◆ WORK ORDER: In the copy, include every entry exactly but none of the pictures.

◆ RECORDS PROVIDED:

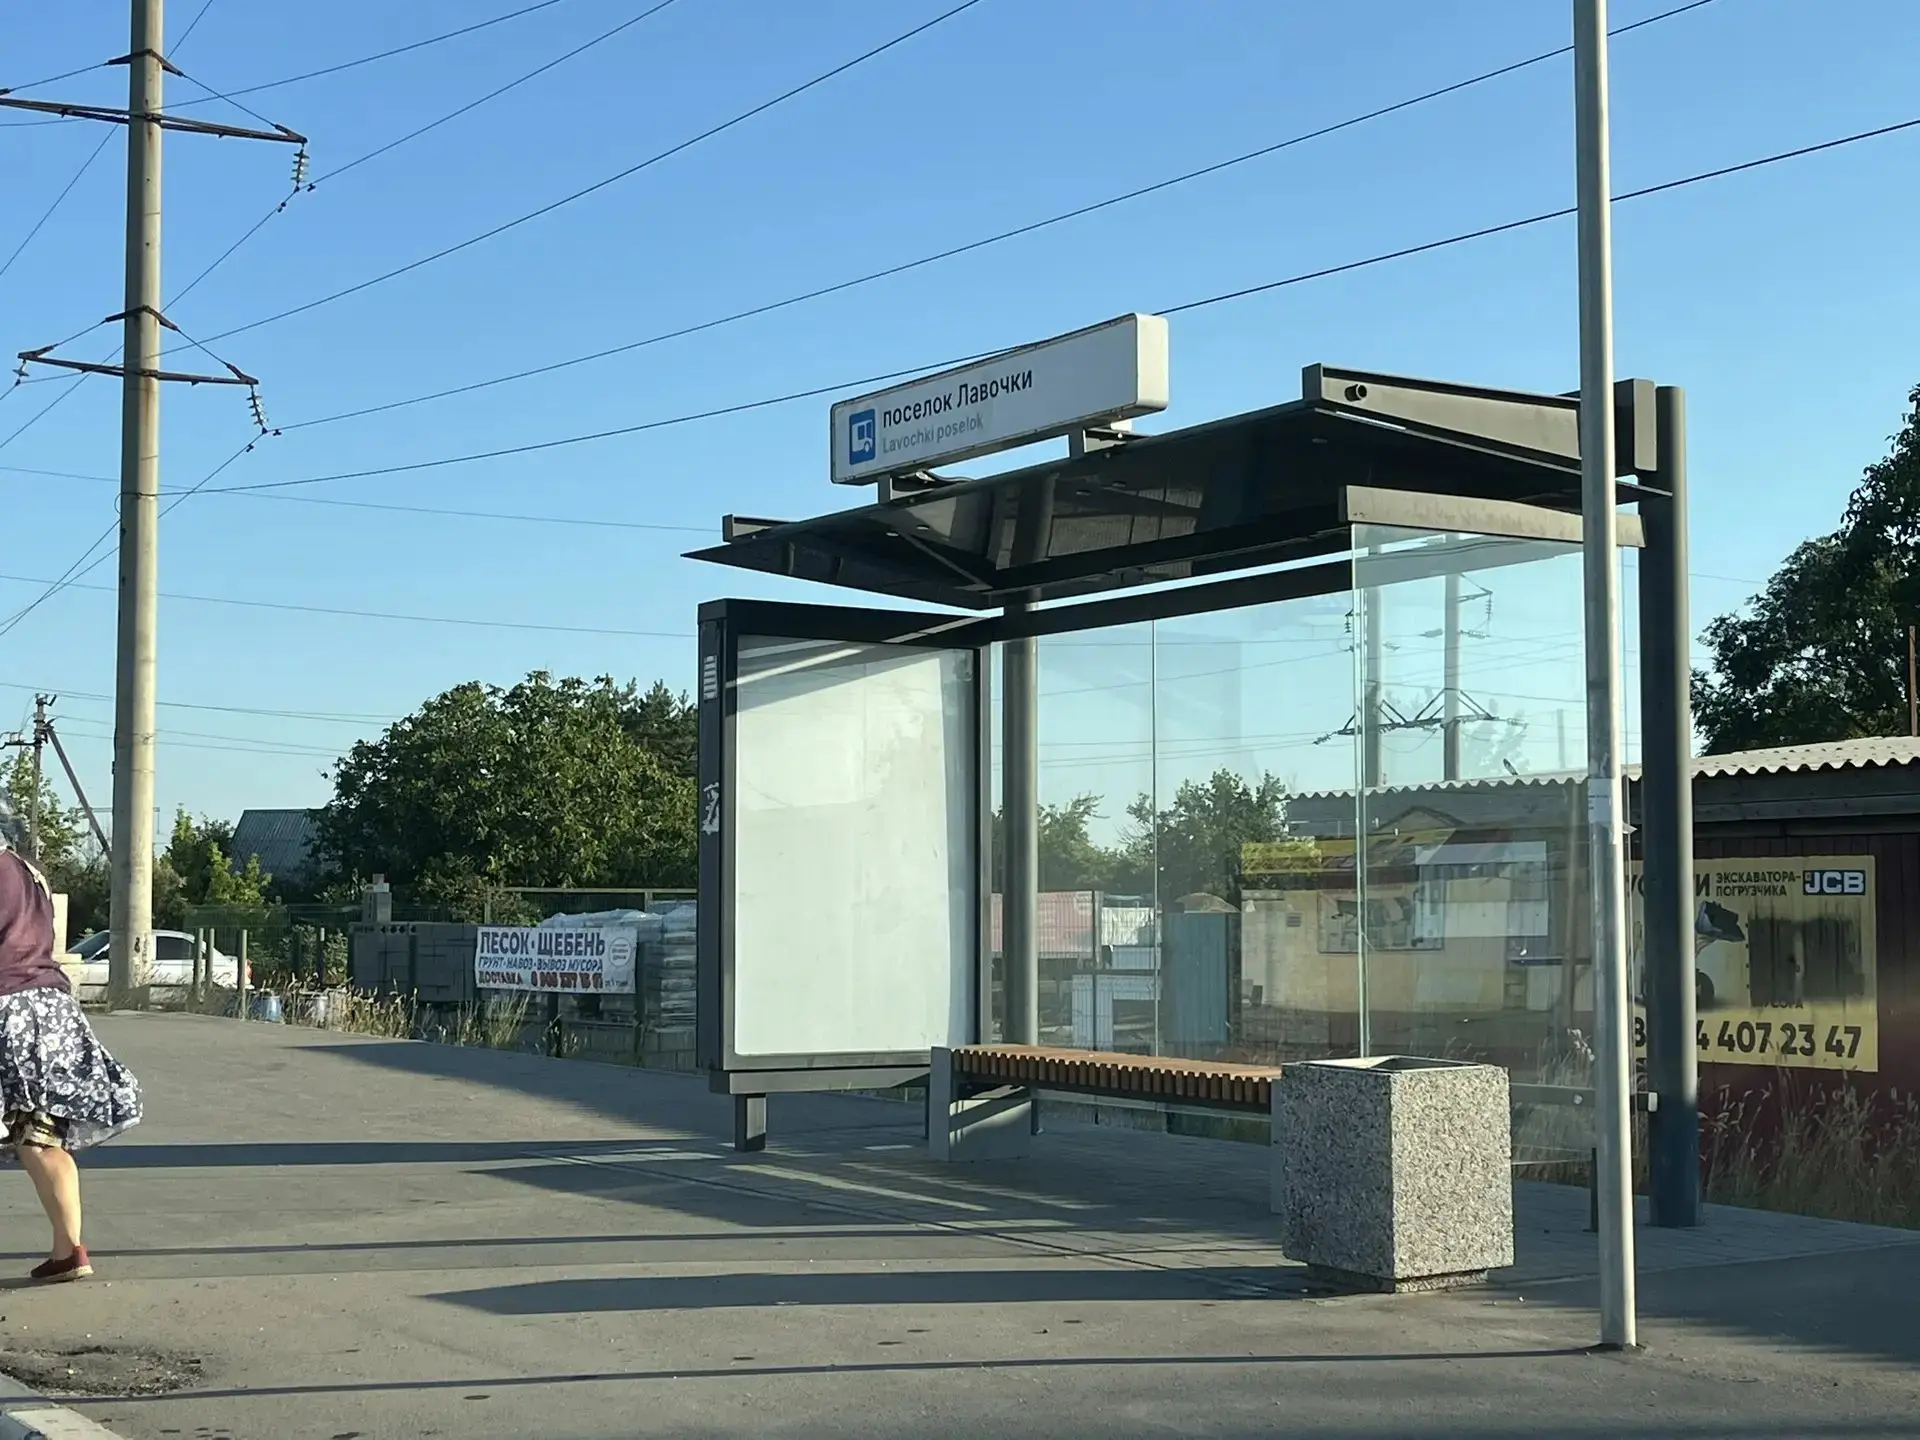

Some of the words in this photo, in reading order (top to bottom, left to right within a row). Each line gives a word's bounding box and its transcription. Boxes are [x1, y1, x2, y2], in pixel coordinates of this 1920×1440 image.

[883, 392, 953, 428] поселок
[957, 369, 1033, 408] Лавочки
[882, 427, 935, 454] Lavochki
[936, 412, 984, 443] poselok
[1716, 885, 1787, 897] ПОГРУЗЧИКА
[1804, 871, 1864, 894] JCB
[480, 931, 530, 955] ПЕСОК
[537, 931, 606, 958] ЩЕБЕНЬ
[1717, 1021, 1772, 1054] 407
[1780, 1023, 1817, 1057] 23
[1825, 1025, 1862, 1059] 47

◆ TASK ANSWER:
Some of the words in this photo, in reading order (top to bottom, left to right within a row). Each line gives a word's bounding box and its transcription. Boxes are [x1, y1, x2, y2], in pixel coordinates of this 1920×1440 image.

[883, 392, 953, 428] поселок
[957, 369, 1033, 408] Лавочки
[882, 427, 935, 454] Lavochki
[936, 412, 984, 443] poselok
[1716, 885, 1787, 897] ПОГРУЗЧИКА
[1804, 871, 1864, 894] JCB
[480, 931, 530, 955] ПЕСОК
[537, 931, 606, 958] ЩЕБЕНЬ
[1717, 1021, 1772, 1054] 407
[1780, 1023, 1817, 1057] 23
[1825, 1025, 1862, 1059] 47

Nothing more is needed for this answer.